_Task to carry out_
Repeat the lines from the one containing "Some of the words" through the end of the listing exactly, both ends included. Do not carry over any pictures.
====
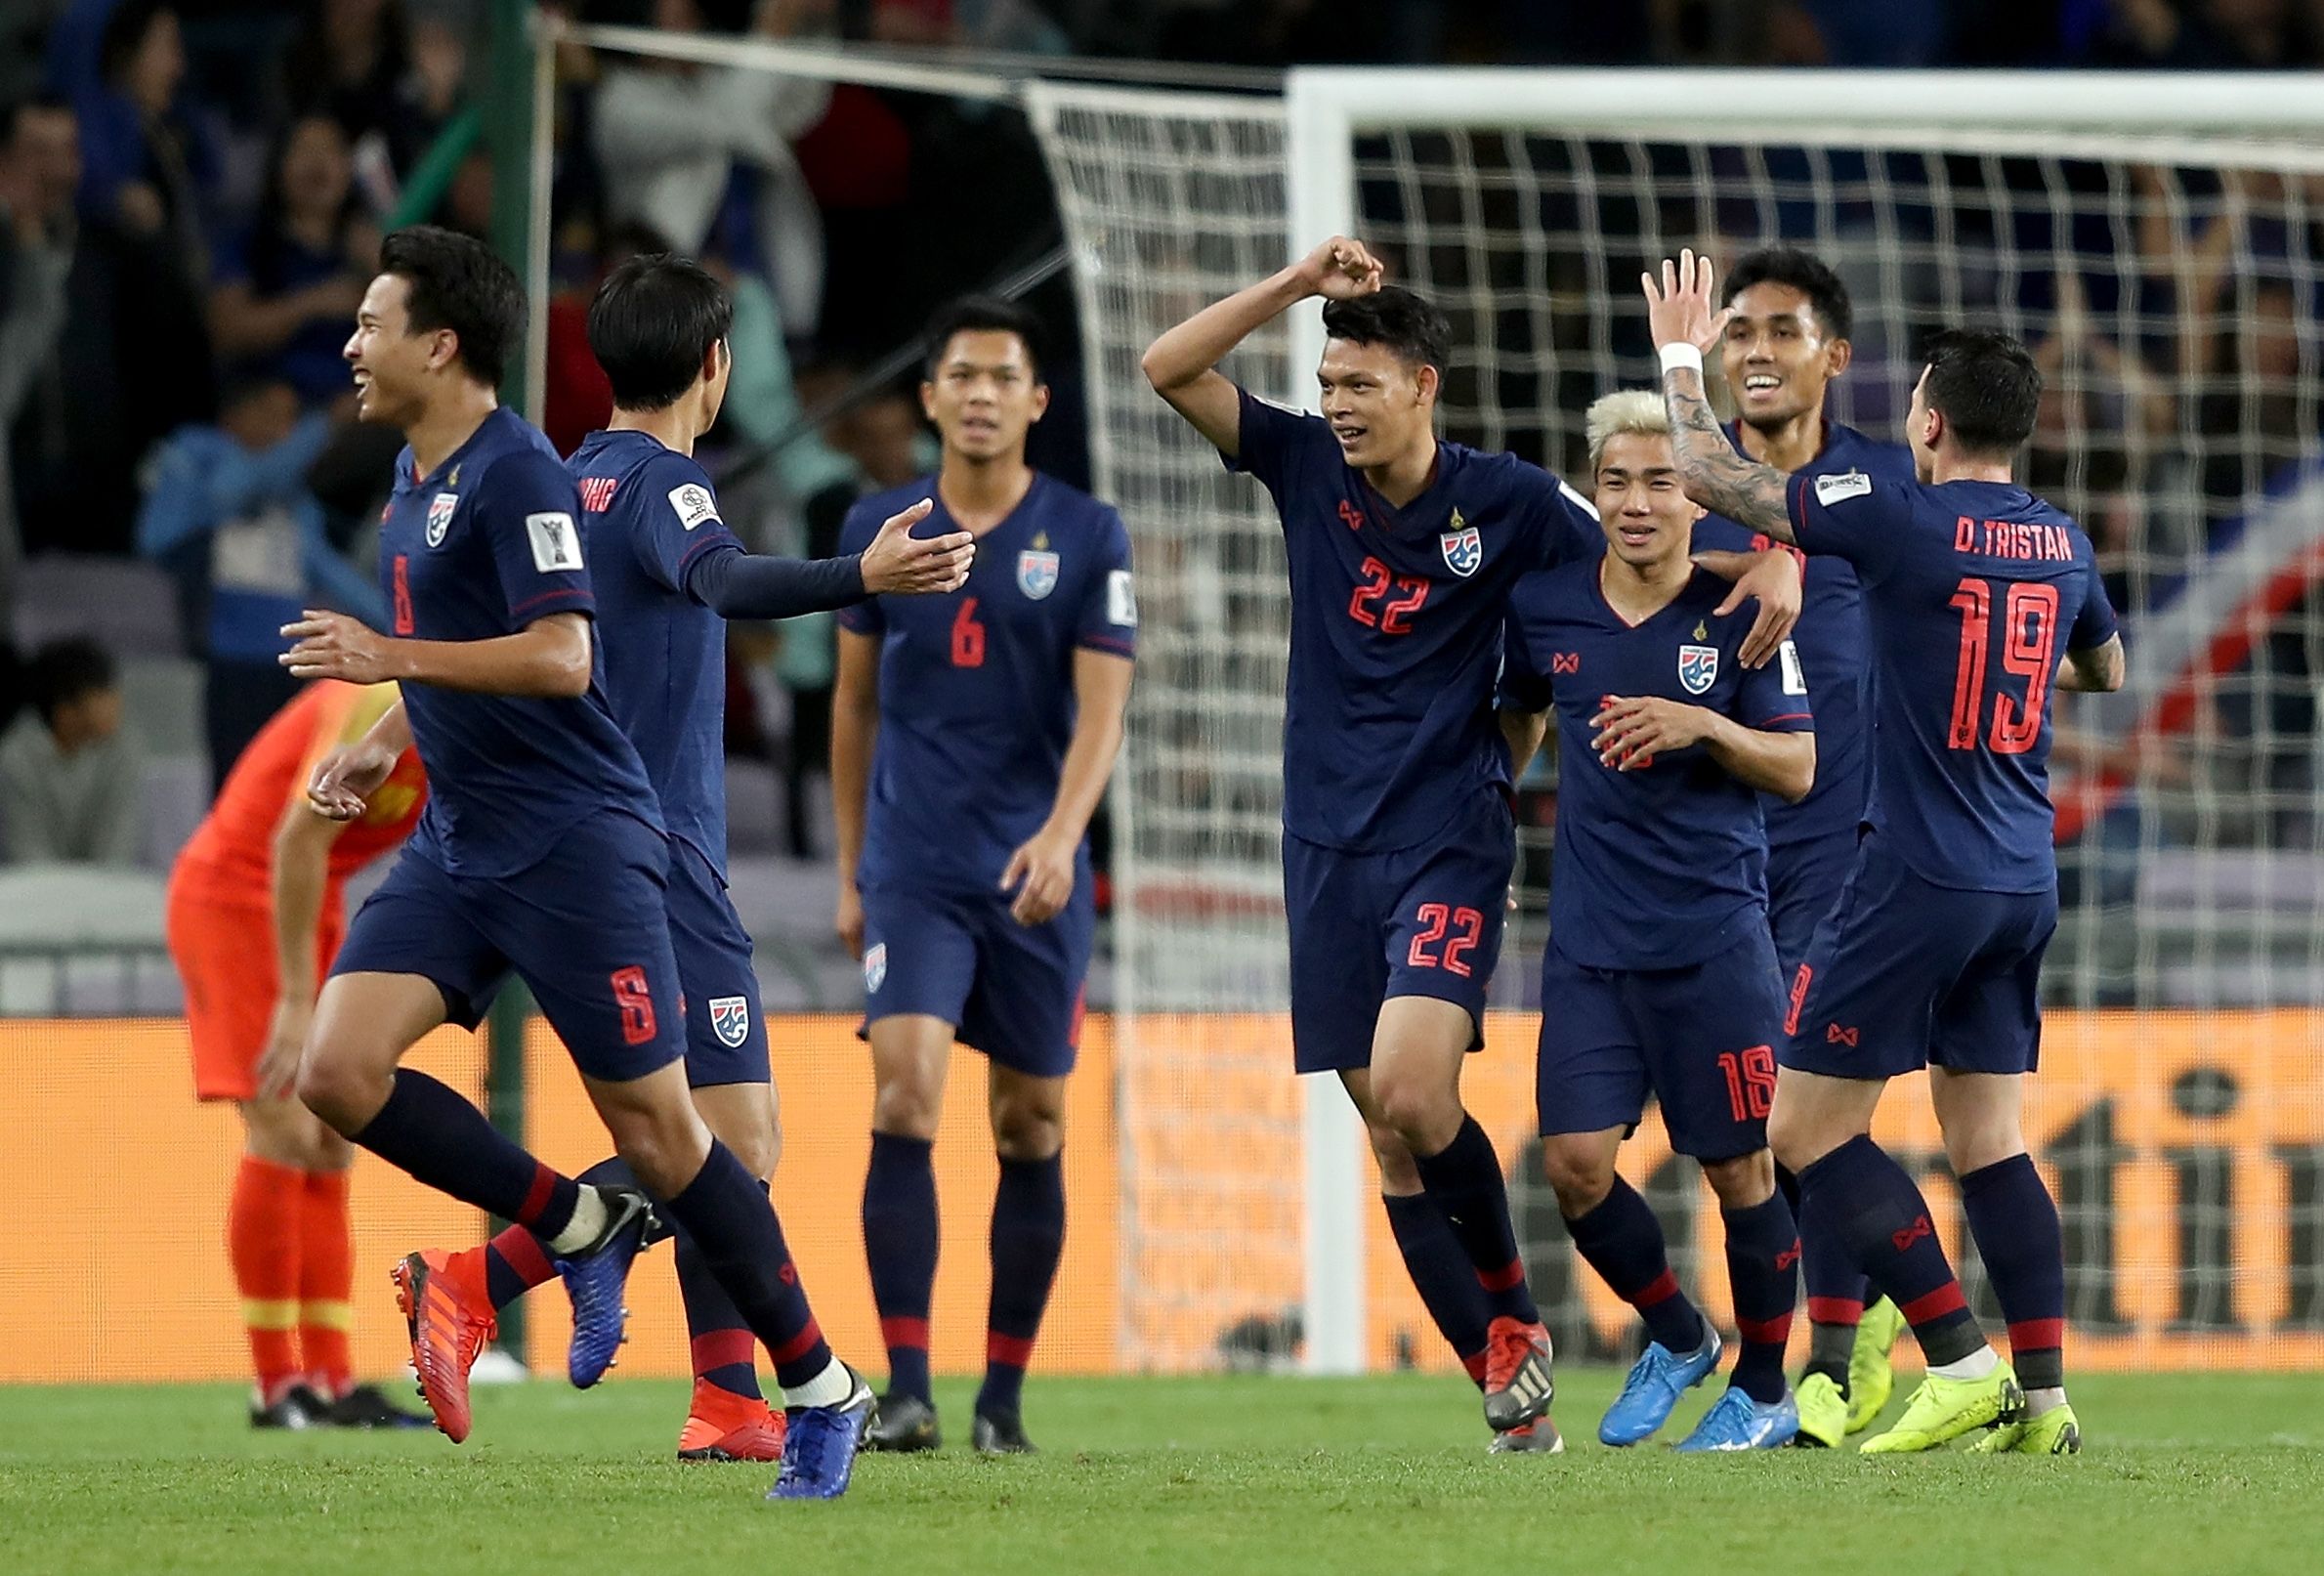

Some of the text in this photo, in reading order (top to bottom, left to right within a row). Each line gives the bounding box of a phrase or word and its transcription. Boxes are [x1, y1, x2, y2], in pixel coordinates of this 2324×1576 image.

[1955, 516, 2073, 561] D.TRISTAN
[951, 597, 986, 667] 6
[1348, 556, 1430, 634] 22
[1948, 577, 2059, 754] 19
[1408, 903, 1484, 977] 22
[611, 965, 657, 1045] 8
[1717, 1044, 1777, 1122] 18
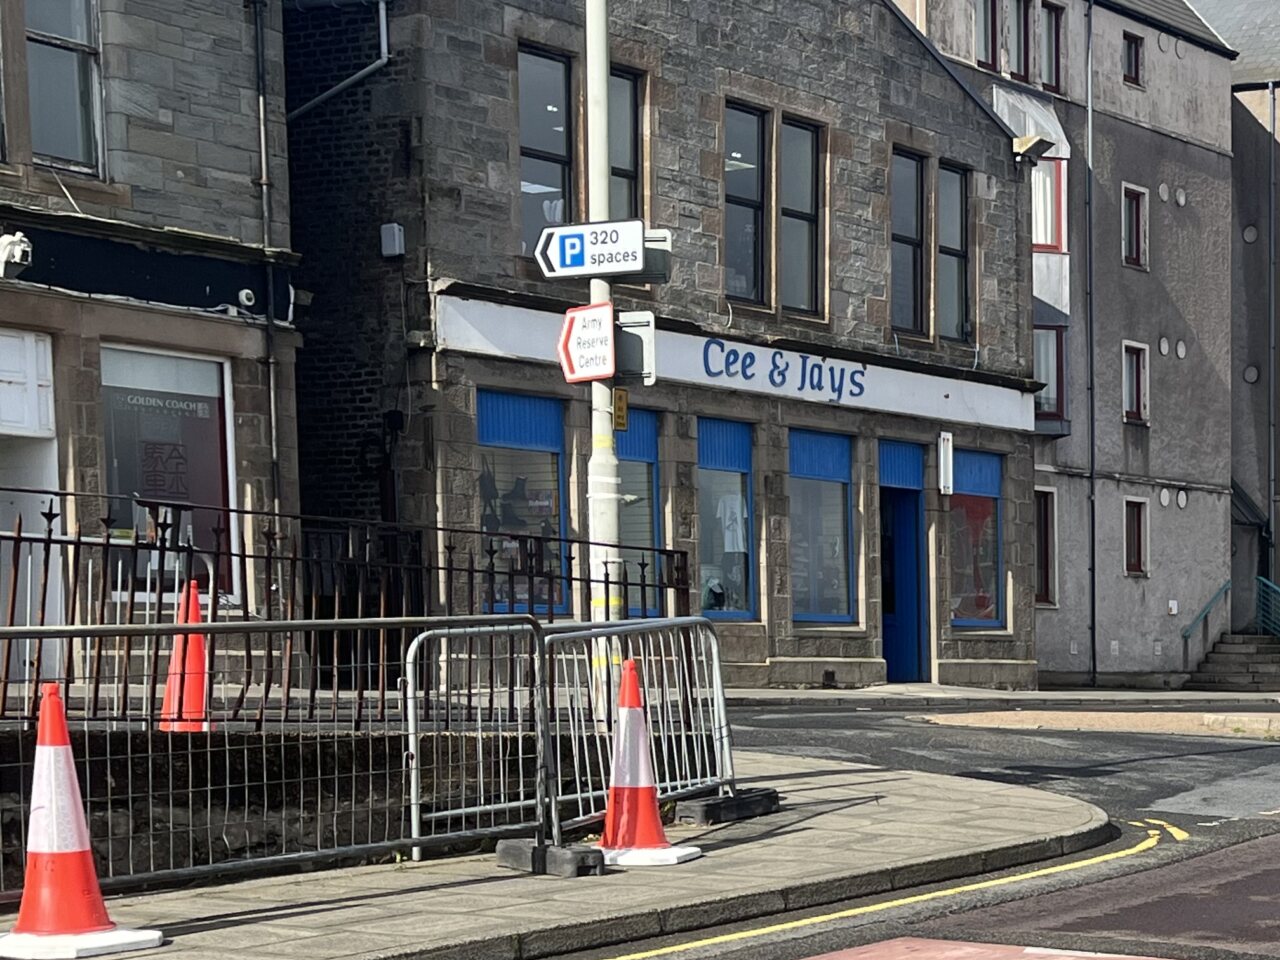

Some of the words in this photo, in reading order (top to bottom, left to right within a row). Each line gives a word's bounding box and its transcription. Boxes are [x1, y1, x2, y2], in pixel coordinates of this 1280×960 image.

[590, 229, 619, 245] 320
[565, 237, 581, 266] P
[590, 250, 638, 266] spaces
[581, 317, 603, 331] Army
[576, 335, 609, 350] Reserve
[579, 353, 608, 368] Centre
[703, 338, 756, 381] Cee
[768, 350, 790, 388] &
[127, 395, 164, 408] GOLDEN
[165, 399, 197, 412] COACH
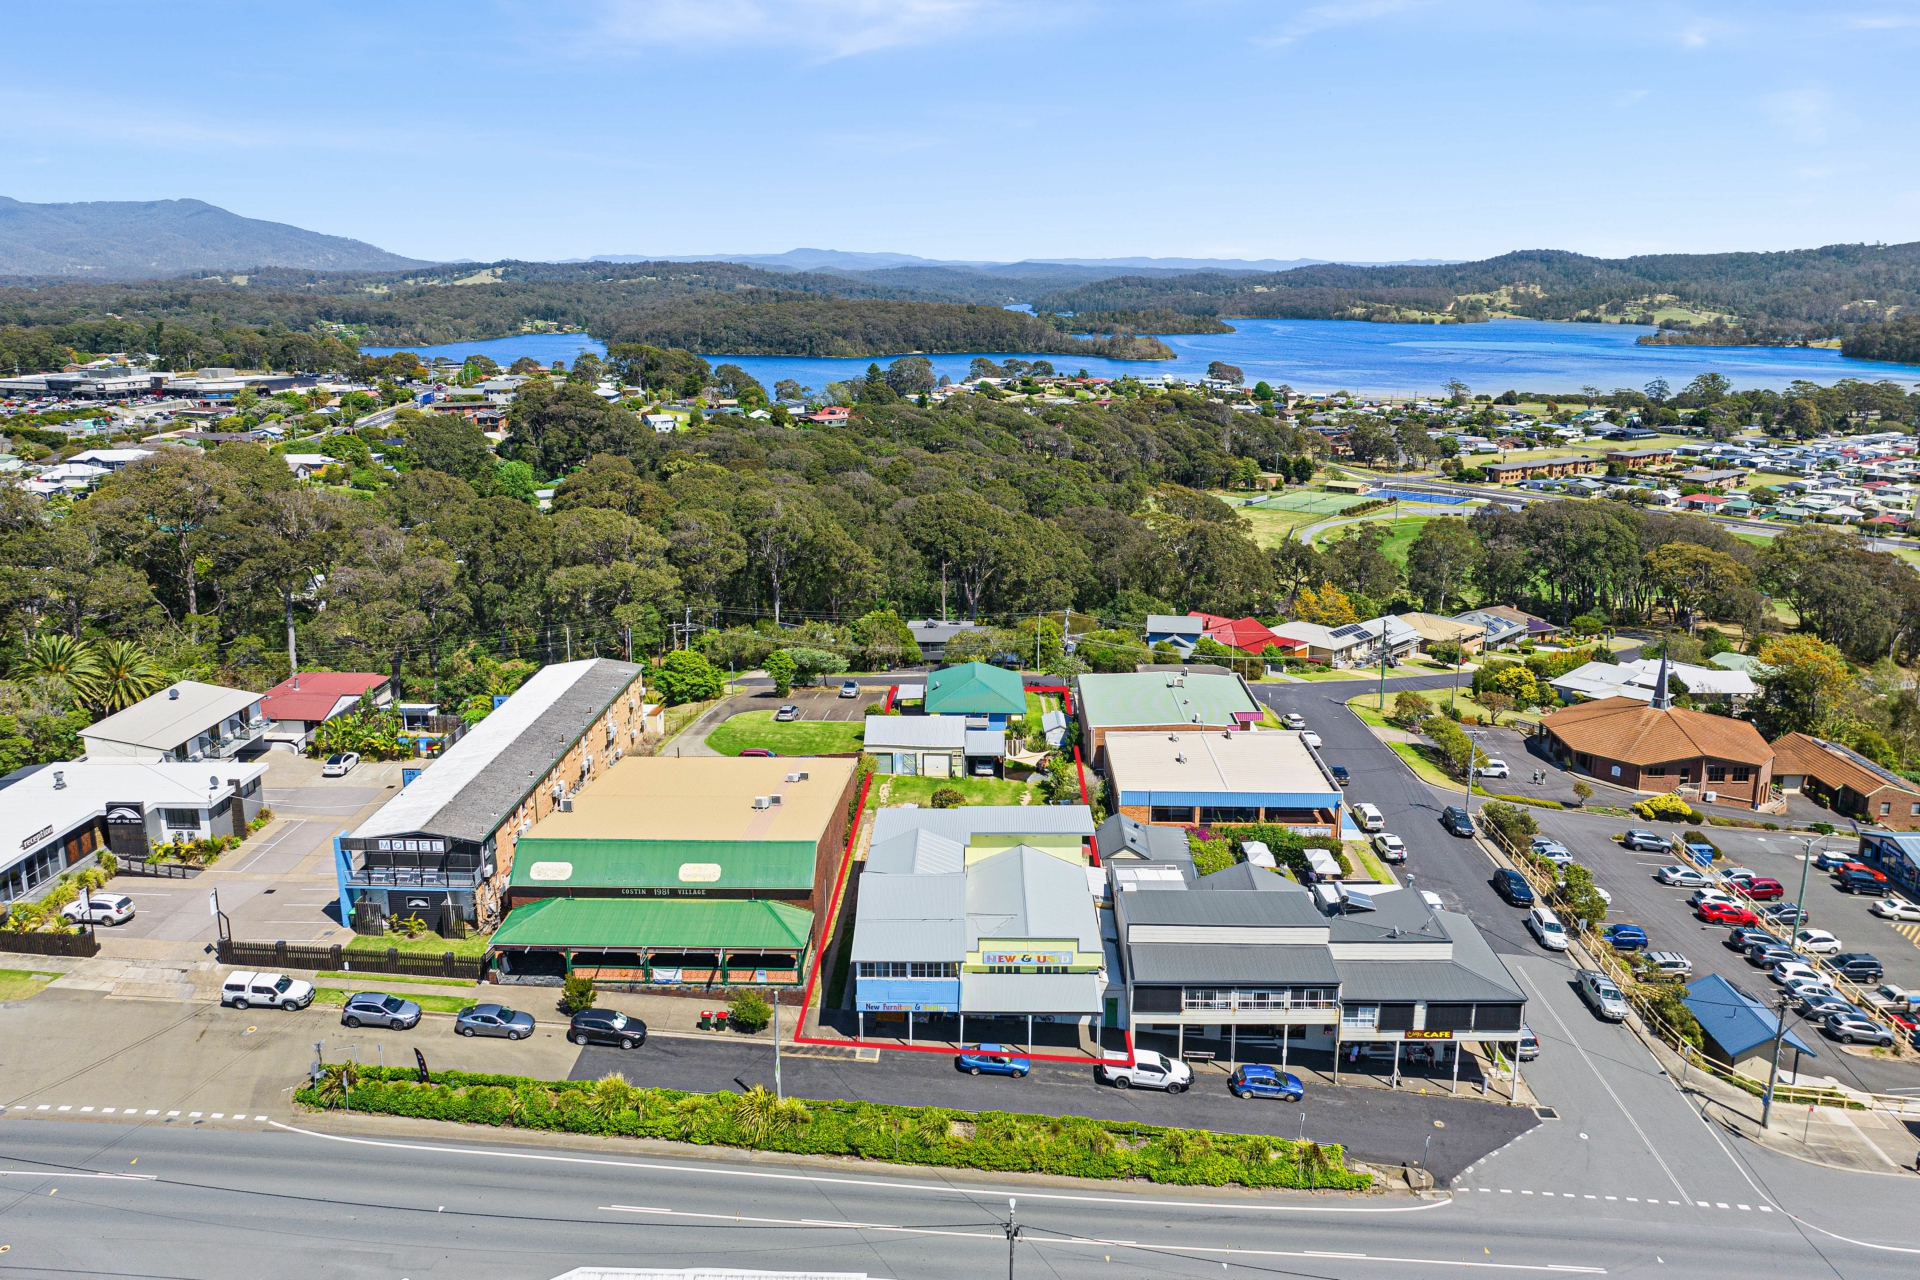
====
_Result of this exercise_
Some of the words in this photo, in reading order (top to bottom, left to right within a row). Each line gives a word's bounding box and its transcription. Boxes are [x1, y1, x2, y2], in pixel coordinates of this 1280×960 image.

[590, 229, 619, 245] 320
[565, 237, 581, 266] P
[590, 250, 638, 266] spaces
[581, 317, 603, 331] Army
[576, 335, 609, 350] Reserve
[579, 353, 608, 368] Centre
[703, 338, 756, 381] Cee
[768, 350, 790, 388] &
[127, 395, 164, 408] GOLDEN
[165, 399, 197, 412] COACH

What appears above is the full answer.